CS 294 026 Project 5 Facial Keypoint Detection with Neural Networks

Author: Tiancheng Sun

Part 1: Nose Tip Detection

In this part, I am applying a simple CNN to the IMM face database to detect nosetip. The implementation mainly contains three major components: Dataloader implementation, CNN construction, and CNN training.
Here are some example results of my data loader:

dx dy dy

Here is the first generation architecture of my NN:

Initially I trained this NN with learning rate of 1e-3 on Adam optimizer with epoch equal to 15, but the result is not that good, as you can see the validation loss quite jumps a lot.

dx

To optimize my NN, I updated into this second generation architecture (mainly modified the channel size of the Conv layers):

And in this interation, I also updated the learning rate to 1e-4 and added the number of epoch to 30, here is the loss function graph:

dx
As you can see, the validaton loss become a lot more stable this time.
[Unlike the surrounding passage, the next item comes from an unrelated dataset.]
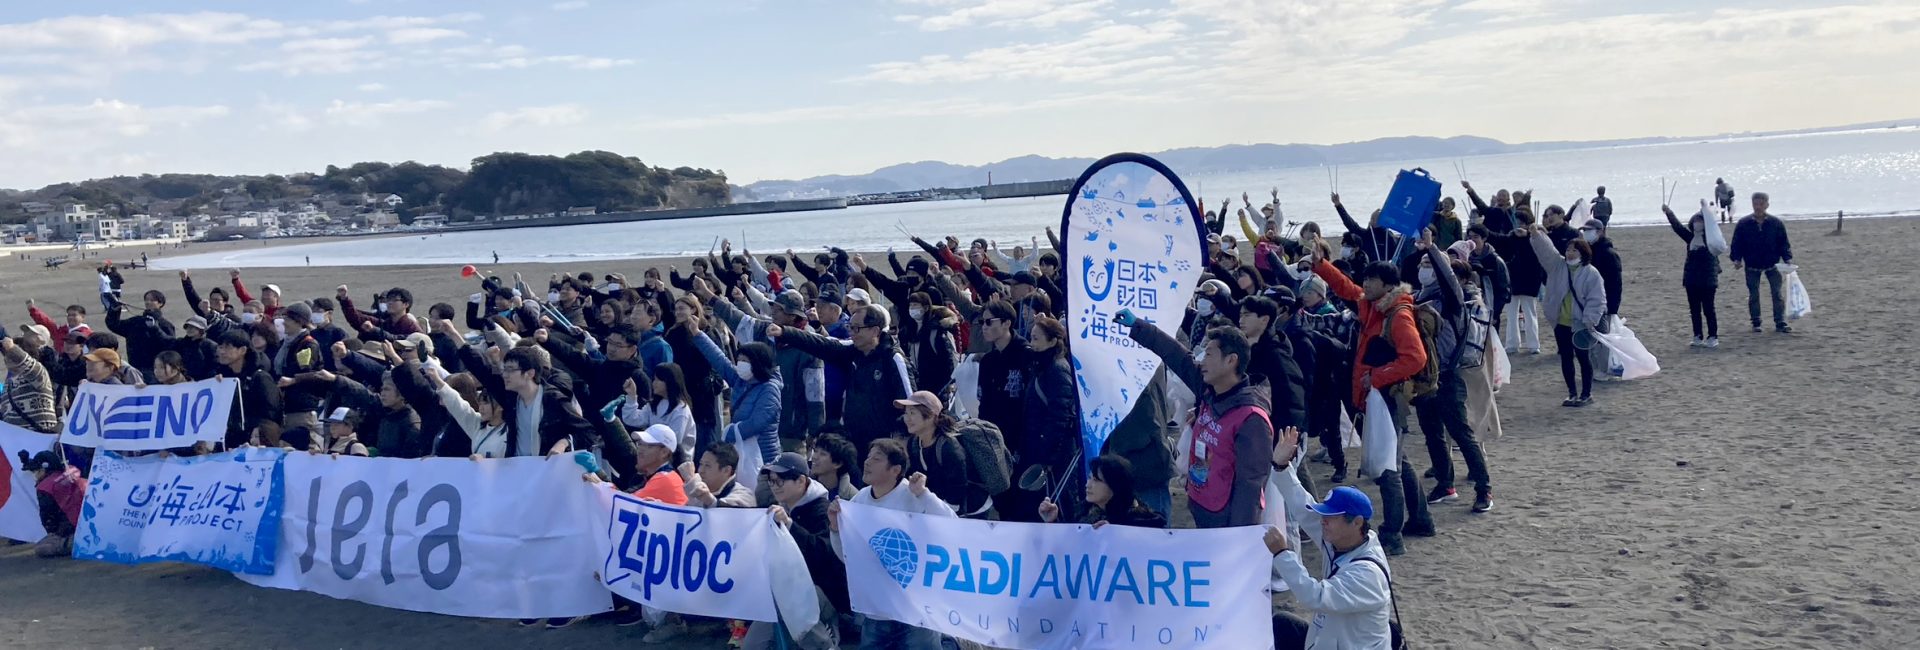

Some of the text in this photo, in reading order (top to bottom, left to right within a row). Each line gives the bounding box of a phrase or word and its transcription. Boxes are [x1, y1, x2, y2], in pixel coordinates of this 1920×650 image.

For the second generaton of NN, I generated the prediction for the images within the IMM face database, and here are two result that the system finished the job decently:
dx dx

Here are two result that the NN failed to generate a nice result:

dx dx
Given what I seen in the full prediction result, I think the NN is trained to looking for a dark spot near the center of the image, so it kind of become comfused while the real nose tip does not located at the center of image. -> That is, this is an unbalanced dataset issue.

Part 2: Full Facial Keypoints Detection

After finished the part 1, we kind of validated that the design and construction of our NN is good to go, therefore, in this part, I want to predict not only the nosetip, but also the other facial keypoints. Just like part 1, I constrcuted the dedicated dataset and dataloader to feed samples into NN. To conter the unbalanced dataset issue we mentationed before, I applied random brightness coontrast, random horizontal flip, random scale transformation, random rotation and random color jitter to the origianl dataset to prevent the NN model become overfit for this small IMM dataset.
dx dx dx dx
The annotation point is black, I forgot to adjust their color...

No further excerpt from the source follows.